[Task statement]
Your answer should consist only of the records, copied exactly, with the images removed.

[Collected data entries]
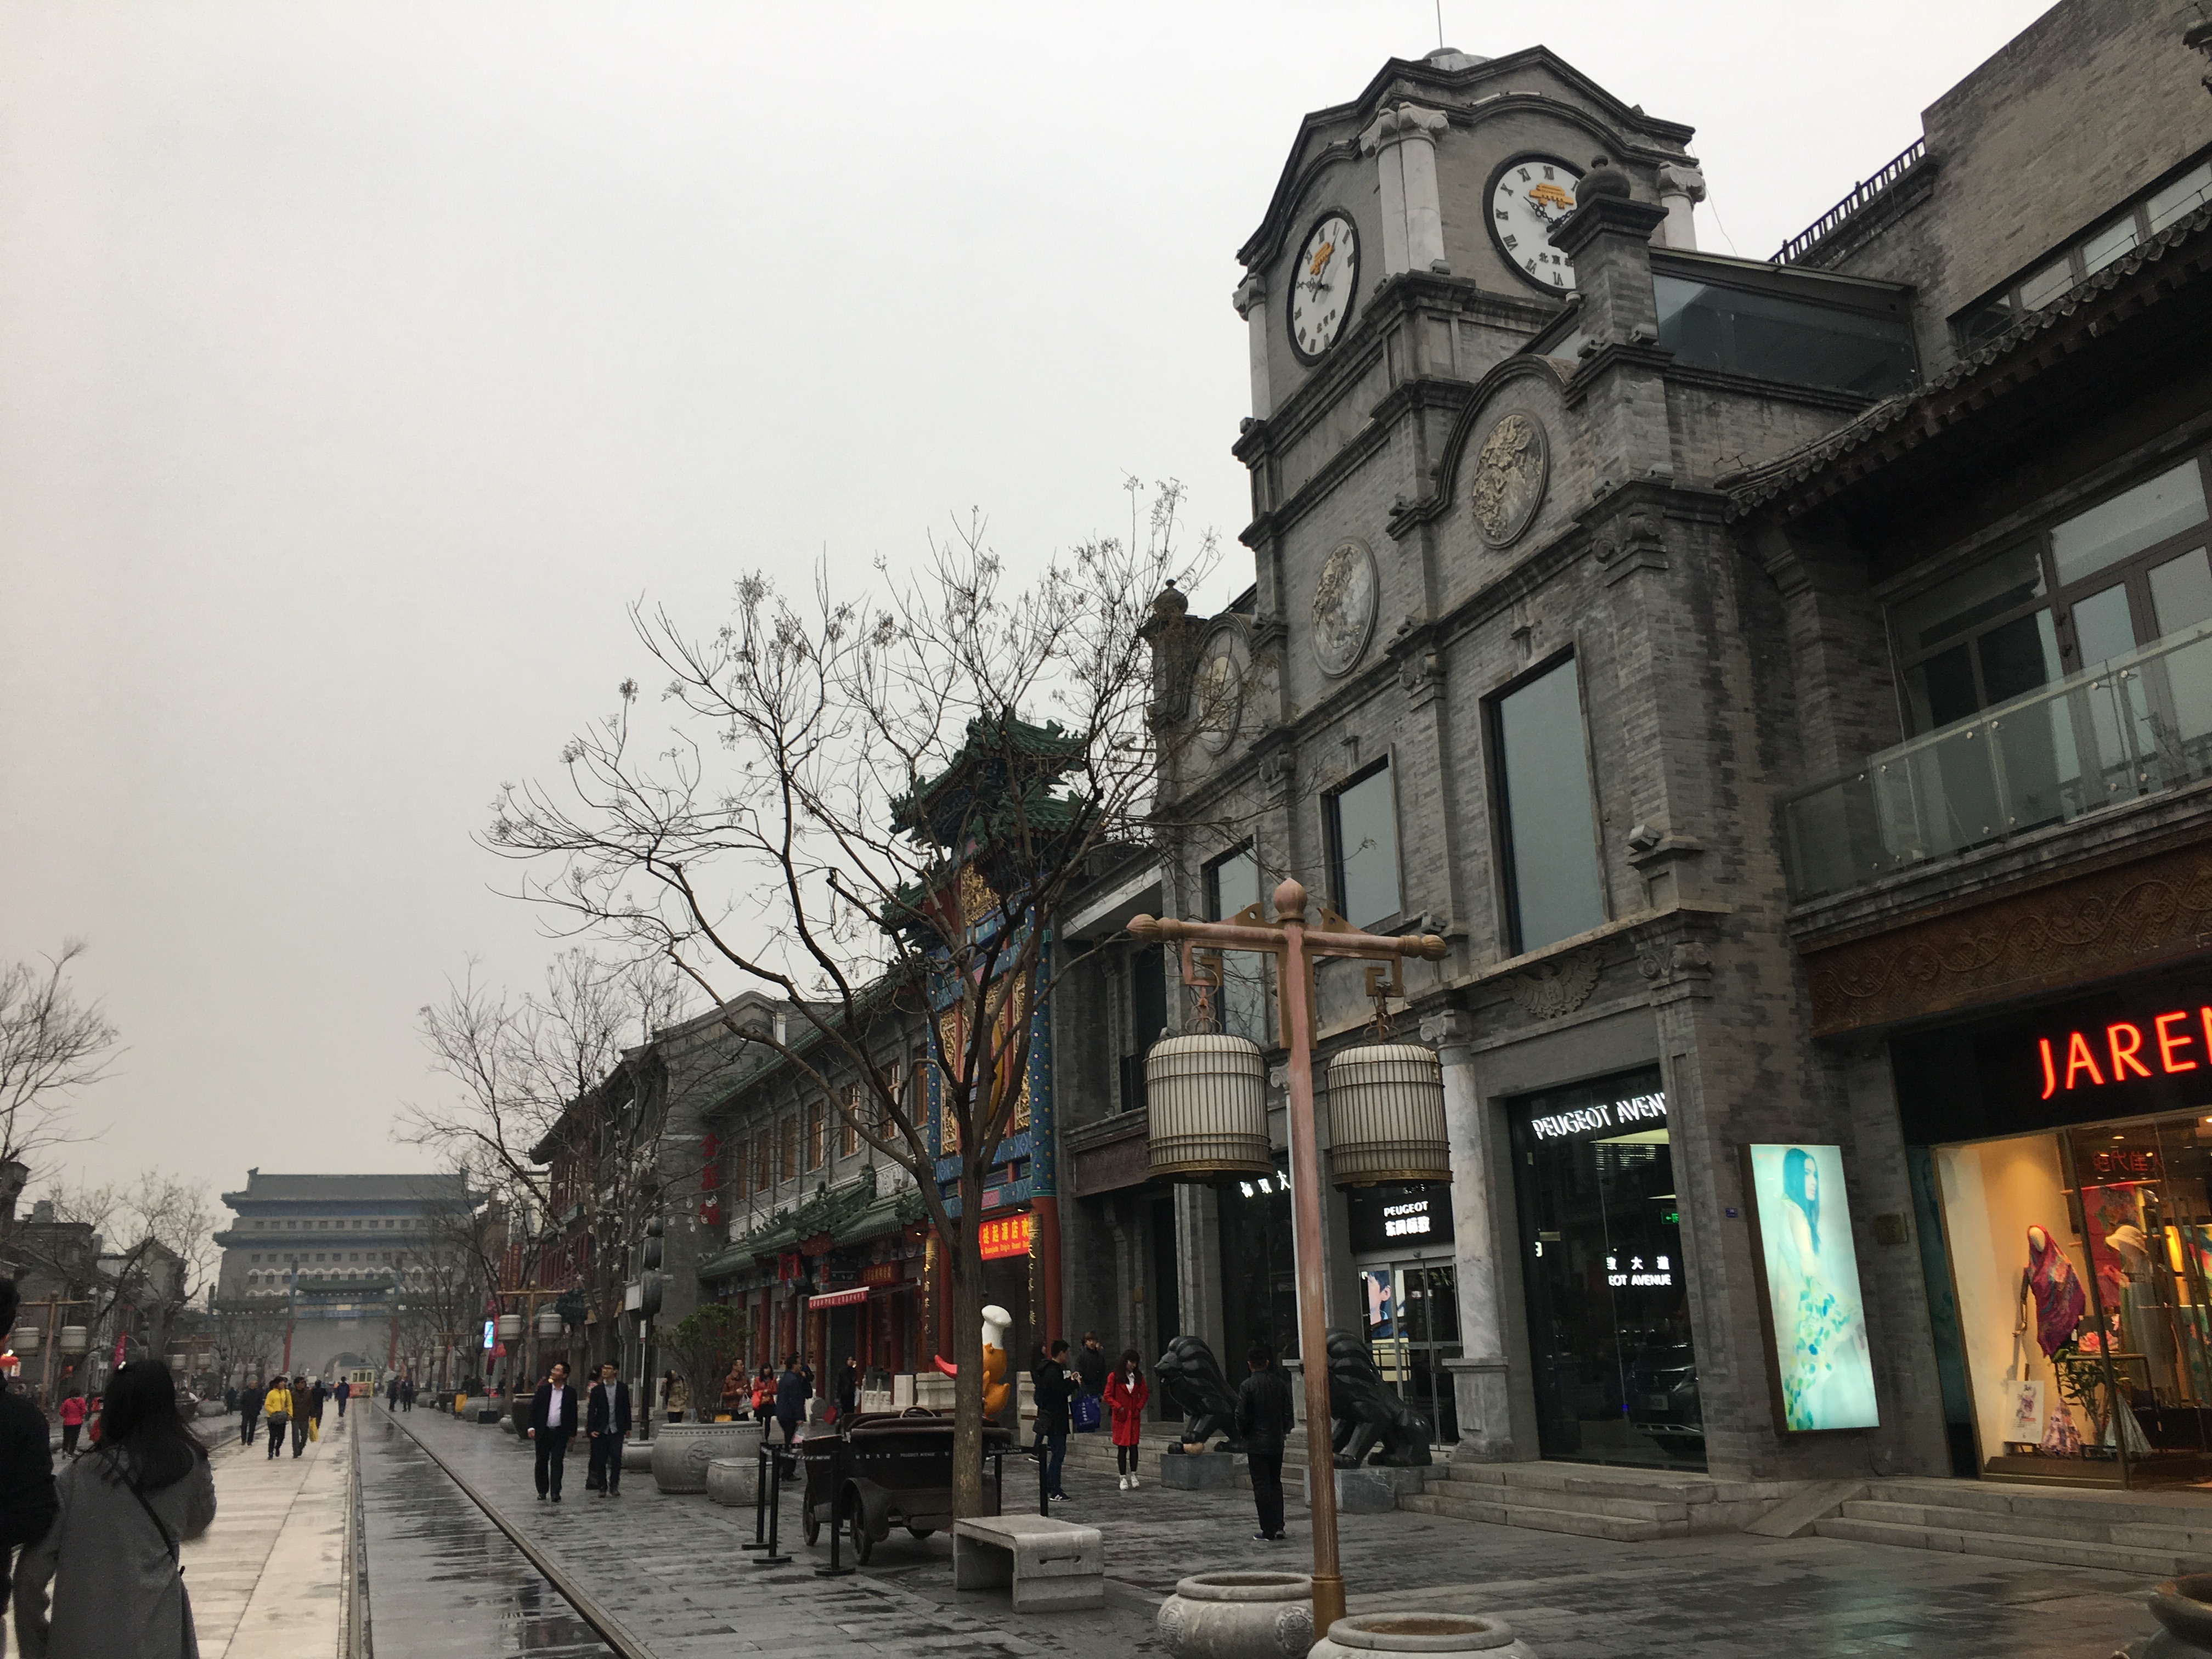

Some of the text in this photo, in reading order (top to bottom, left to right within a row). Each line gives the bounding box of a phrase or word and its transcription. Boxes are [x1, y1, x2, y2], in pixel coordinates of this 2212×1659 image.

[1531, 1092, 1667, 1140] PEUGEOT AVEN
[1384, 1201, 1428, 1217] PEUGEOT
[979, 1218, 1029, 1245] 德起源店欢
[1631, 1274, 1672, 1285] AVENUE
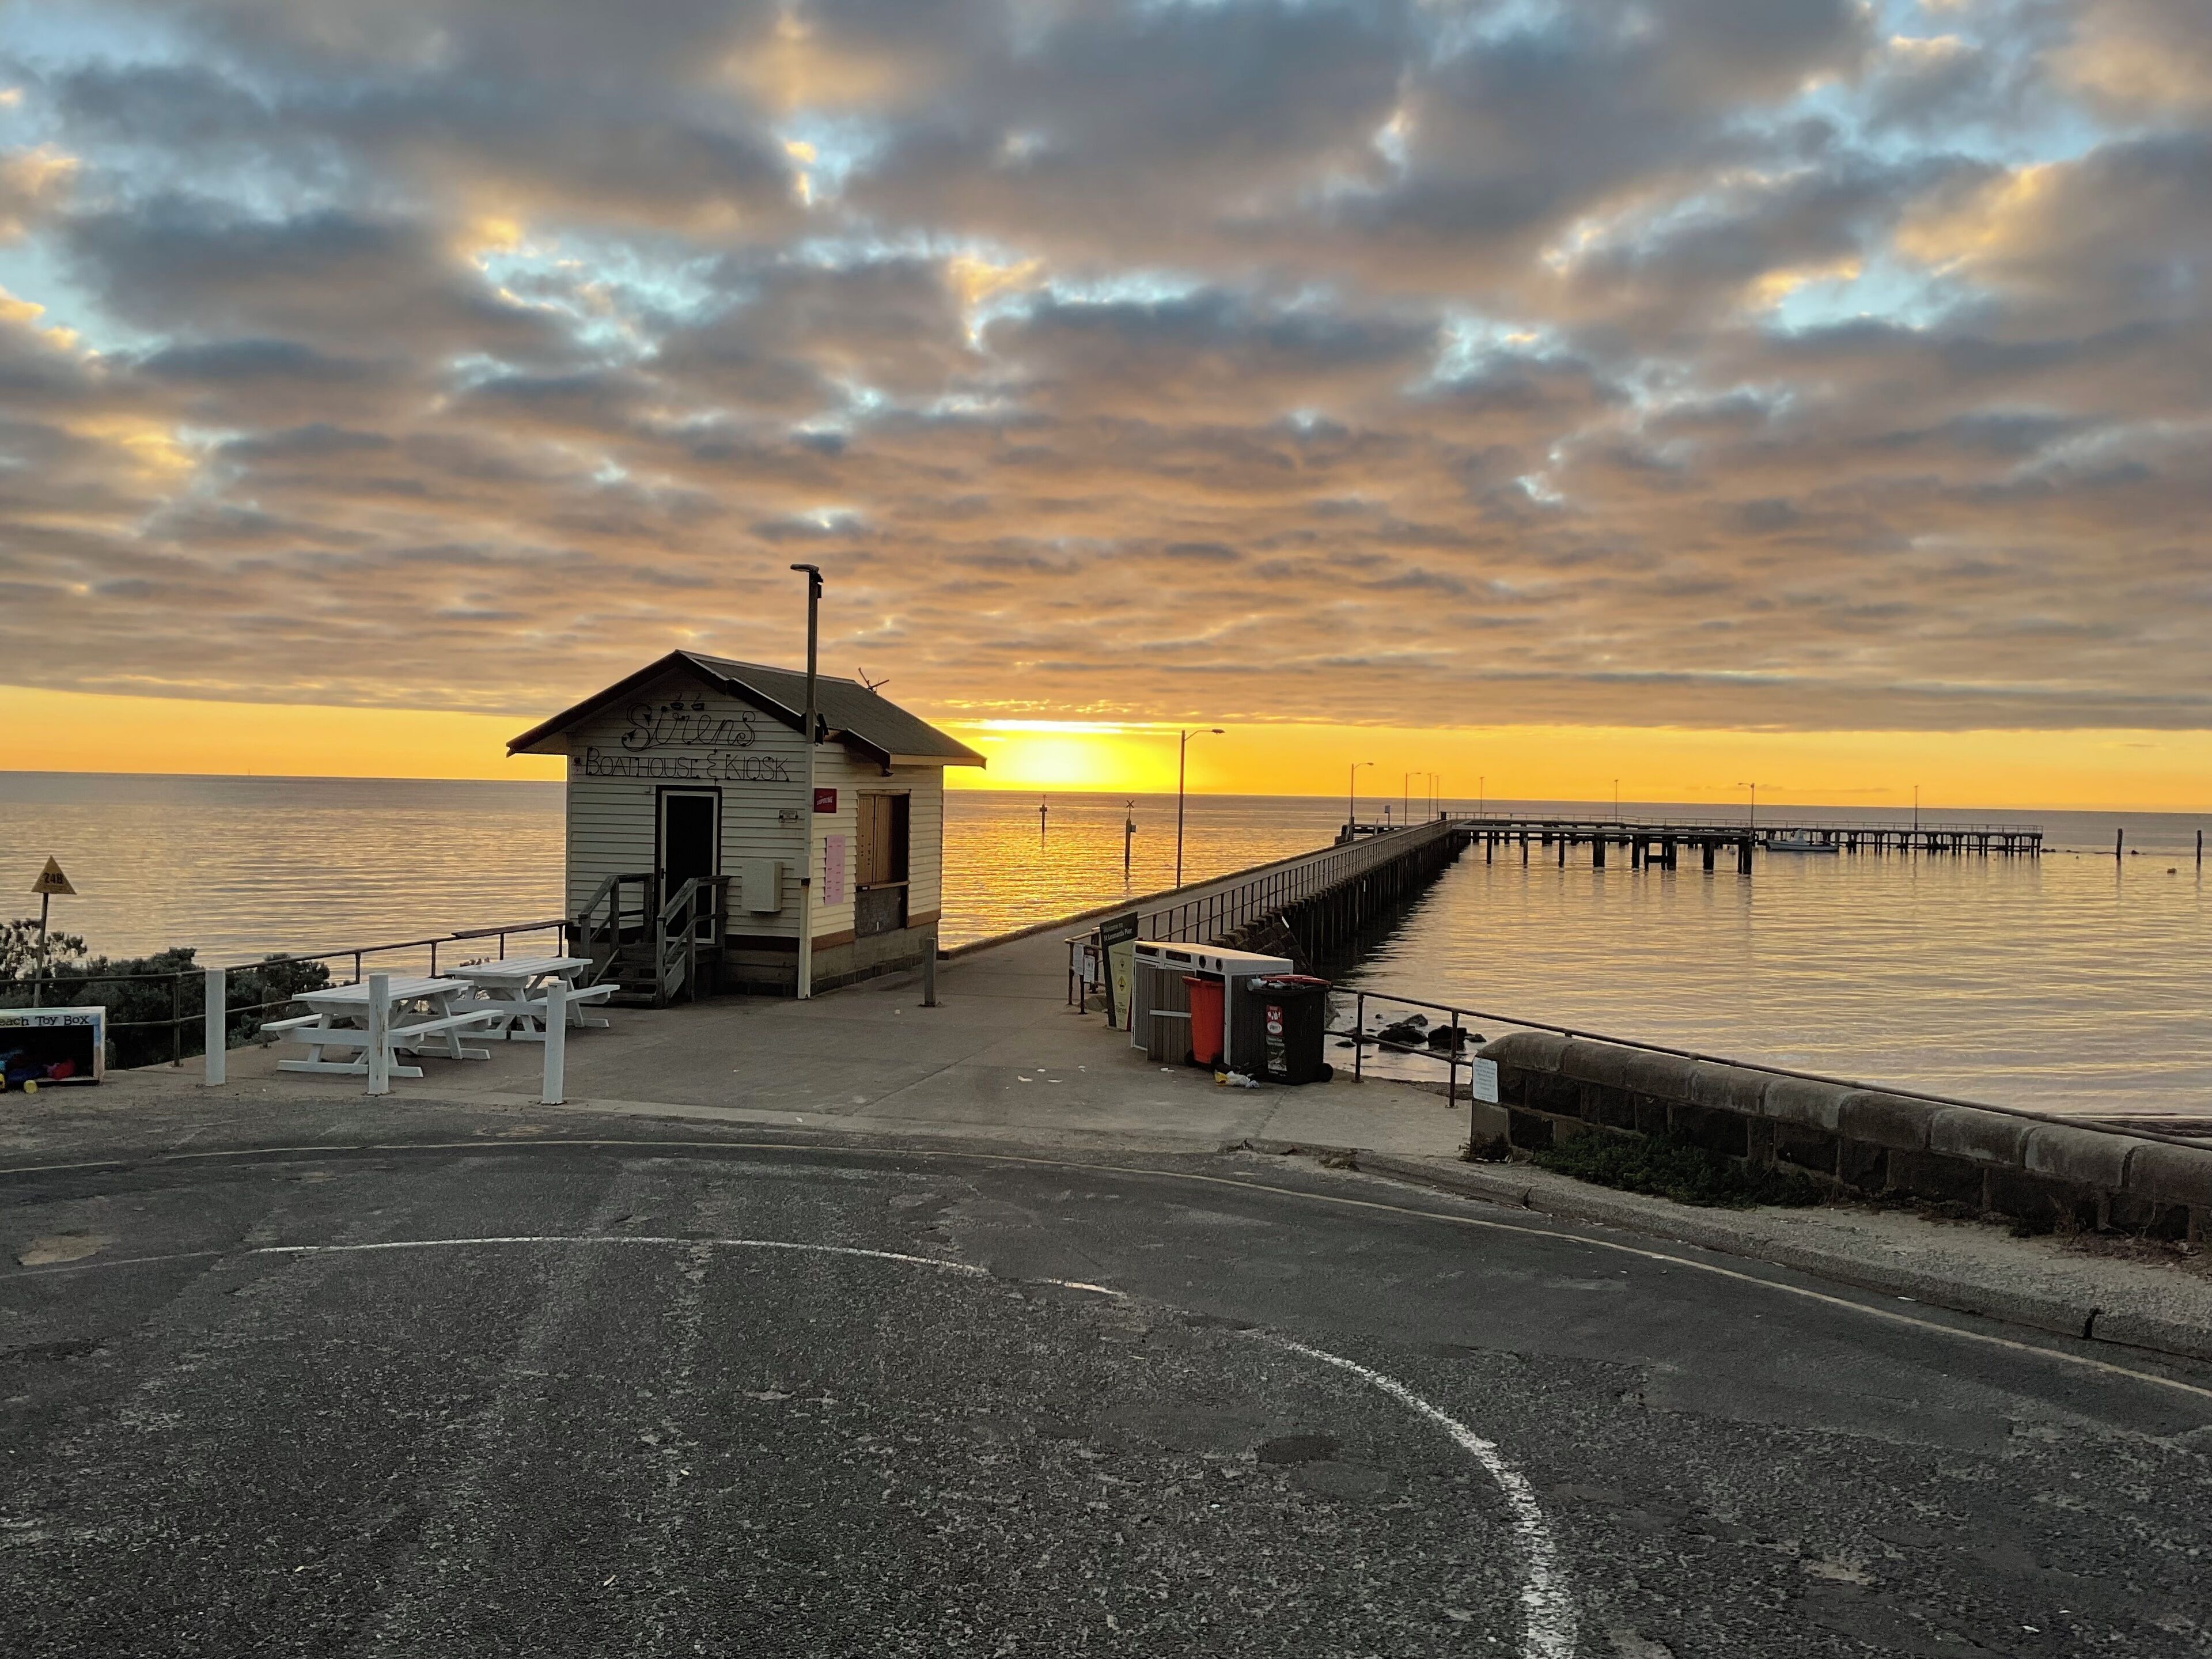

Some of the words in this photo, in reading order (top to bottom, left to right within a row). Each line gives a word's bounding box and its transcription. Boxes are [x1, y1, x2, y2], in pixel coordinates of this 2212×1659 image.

[Written solution]
Some of the text in this photo, in reading order (top to bottom, left to right within a row). Each line gives the bounding box of a phrase or word and its transcription. Boxes are [x1, y1, x2, y2], in pixel coordinates of this 2212×1659 image.

[1531, 1092, 1667, 1140] PEUGEOT AVEN
[1384, 1201, 1428, 1217] PEUGEOT
[979, 1218, 1029, 1245] 德起源店欢
[1631, 1274, 1672, 1285] AVENUE

Some of the words in this photo, in reading order (top to bottom, left to right within a row). Each line gives a word's bounding box and its transcription. Boxes are [x1, y1, x2, y2], in pixel coordinates of this 2212×1659 image.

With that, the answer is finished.